George Orwell Diaries

Also By George Orwell

fiction

Burmese Days

A Clergyman’s Daughter

Keep the Aspidistra Flying

Coming Up for Air

Animal Farm

Nineteen Eighty-Four

non-fiction

Down and Out in Paris and London

The Road to Wigan Pier

Homage to Catalonia

A Kind of Compulsion (1903‒36)

Facing Unpleasant Facts (1937‒39)

A Patriot After All (1940‒41)

All Propaganda Is Lies (1941‒42)

Keeping Our Little Corner Clean (1942‒43)

Two Wasted Years (1943)

I Have Tried to Tell the Truth (1943‒44)

I Belong to the Left (1945)

Smothered Under Journalism (1946)

It Is What I Think (1947‒48)

Our Job Is to Make Life Worth Living (1949‒50)

Critical Essays

Narrative Essays

GEORGE ORWELL

Diaries

Edited By

PETER DAVISON

Introduction by Christopher Hitchens

Liveright Publishing Corporation

A Division of W. W. Norton & Company

New York • London

Introduction

by Christopher Hitchens

At various points in his essays – notably in ‘Why I Write’ but also in his popular occasional column As I Please – George Orwell gave us an account of what made him tick, as it were, and of what supplied the motive for his work. At different times he instanced what he called his ‘power of facing unpleasant facts’, his love for the natural world, ‘growing things’ and the annual replenishment of the seasons, and his desire to forward the cause of democratic socialism and oppose the menace of Fascism. Other strong impulses include his near-visceral feeling for the English language and his urge to defend it from the constant encroachments of propaganda and euphemism, and his reverence for objective truth, which he feared was being driven out of the world by the deliberate distortion and even obliteration of recent history.

As someone who had been brought up in a fairly rarefied and distinctly reactionary English milieu, in which the underclass of his own society and the millions of inhabitants of its colonial empire were regarded with a mixture of fear and loathing, Orwell also made an early decision to find out for himself what the living conditions of these remote latitudes were really ‘like’. This second commitment, to acquaint himself with the brute facts as they actually were, was to prove a powerful reinforcement of his latent convictions.

Read with care, these diaries from the years 1931 to 1949 can greatly enrich our understanding of how Orwell transmuted the raw material of everyday experience into some of his best-known novels and polemics.

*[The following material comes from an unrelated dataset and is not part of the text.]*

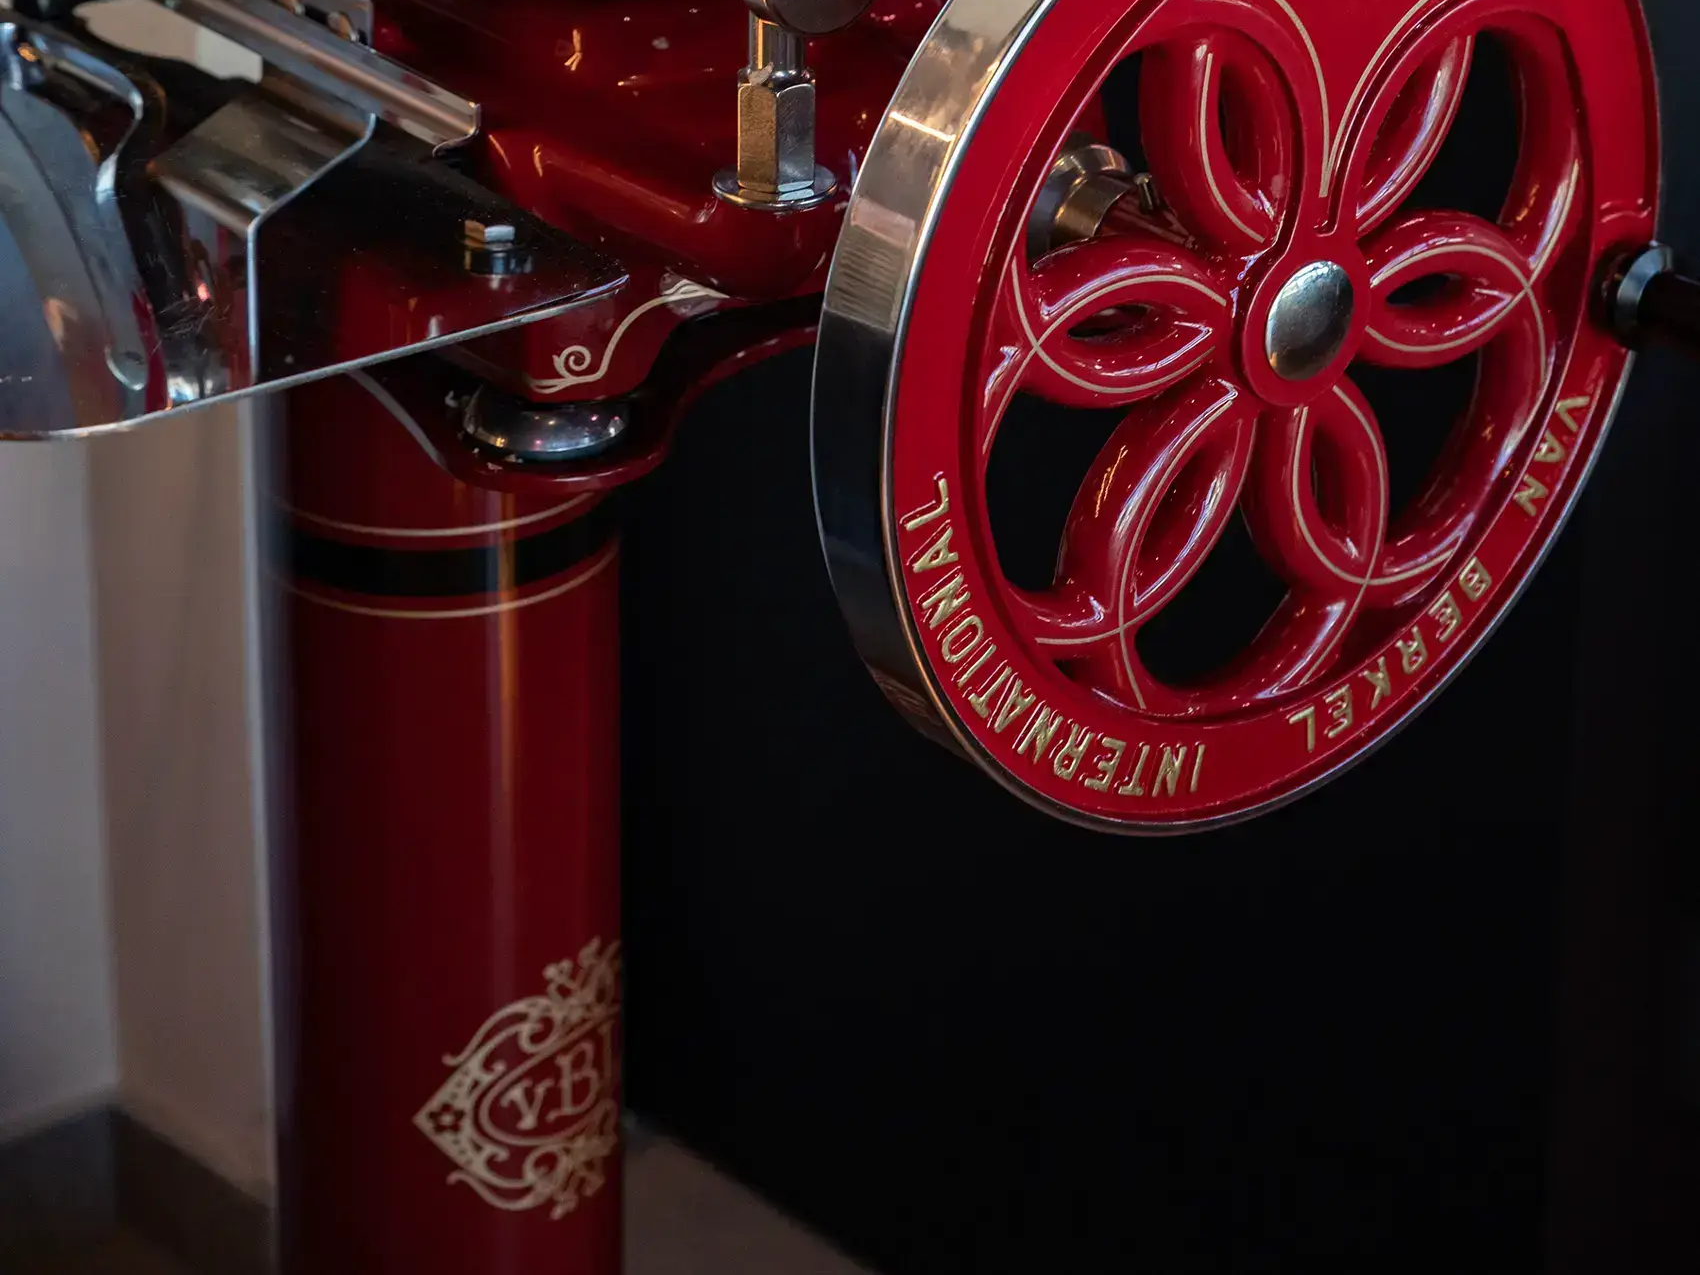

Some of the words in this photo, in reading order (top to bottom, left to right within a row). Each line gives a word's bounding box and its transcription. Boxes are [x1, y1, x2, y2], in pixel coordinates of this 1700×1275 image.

[1514, 395, 1590, 517] VAN
[903, 476, 1207, 797] INTERNATIONAL
[1287, 556, 1493, 753] BERKEL
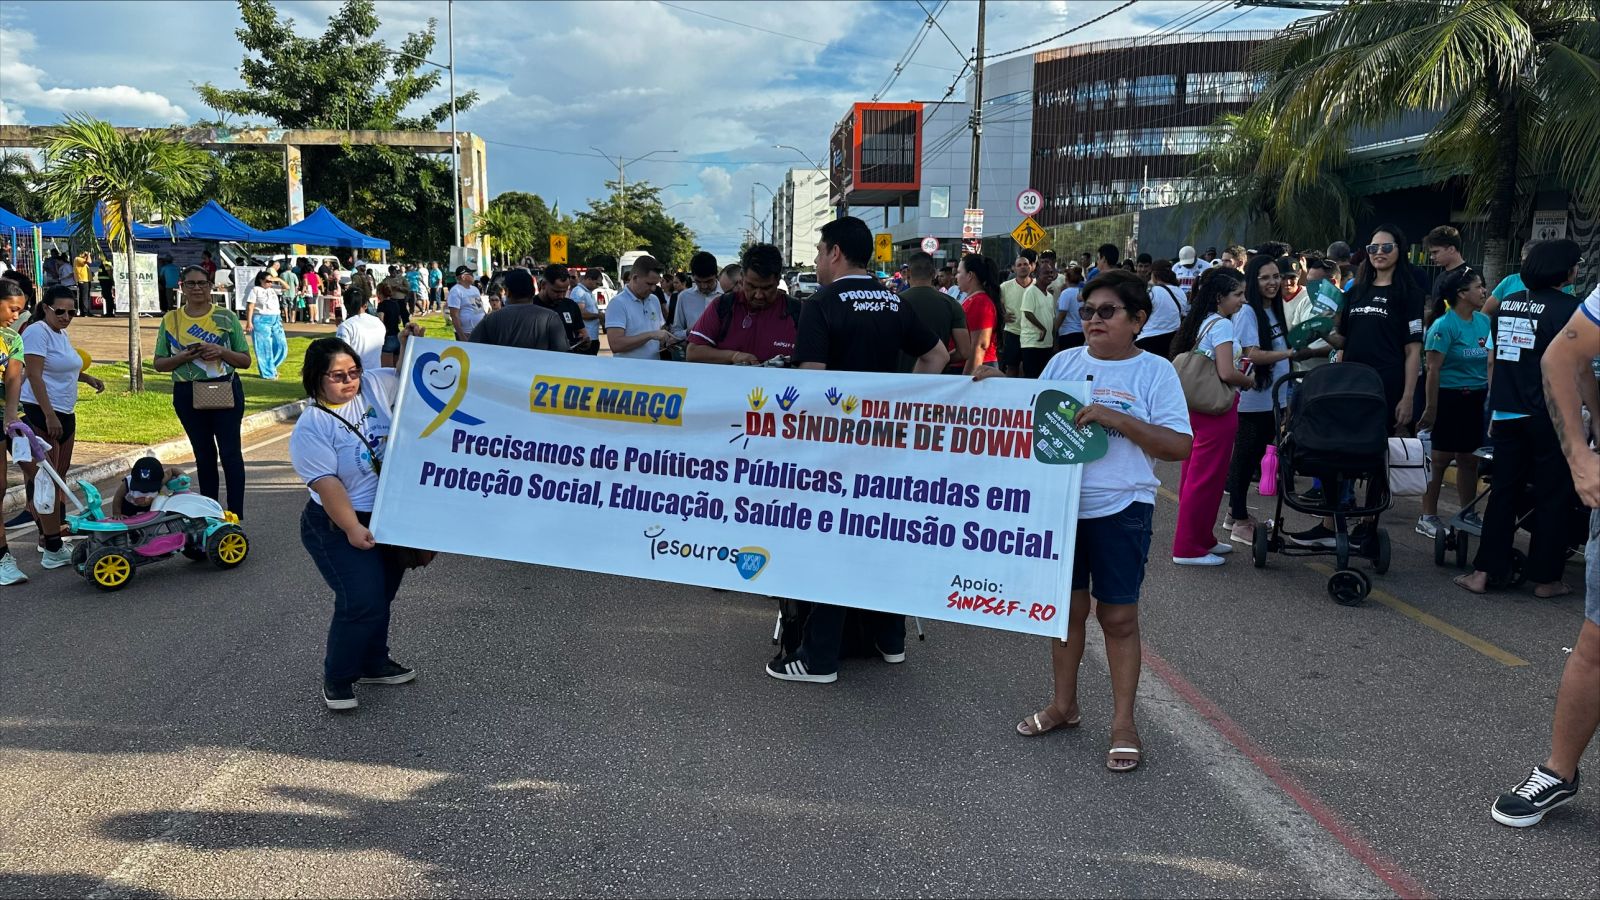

They also furnish us with a more intimate picture of a man who, committed to the struggles of the mechanized and ‘modern’ world, was also drawn by the rhythms of the wild, the rural and the remote. (He barely survived into the first month of the second half of the twentieth century, dying of the sort of poverty-induced disease that might have killed a character out of Dickens. Yet despite his Edwardian and near-Victorian provenance he remains more contemporary and relevant to us than many authors of a much later date.)

This diary is not by any means a ‘straight’ guide, or a trove of clues and cross-references. It would be rather difficult to deduce, for example, that it was during his sojourn in Morocco in 1938–1939 that Orwell conceived and composed the novel Coming Up for Air. This short and haunting work involves an evocation of a lost bucolic England set in the barely imaginable years before the drama of the First World War. For it to have been written amid the torrid souk of Marrakech and the arid emptiness of the Atlas mountains must have involved some convolutions of the creative process into which he gives us little or no insight. But he was also in Morocco – in addition to being in search of a cure for his gnawing tuberculosis – to make notes and take soundings about the conditions of North African society.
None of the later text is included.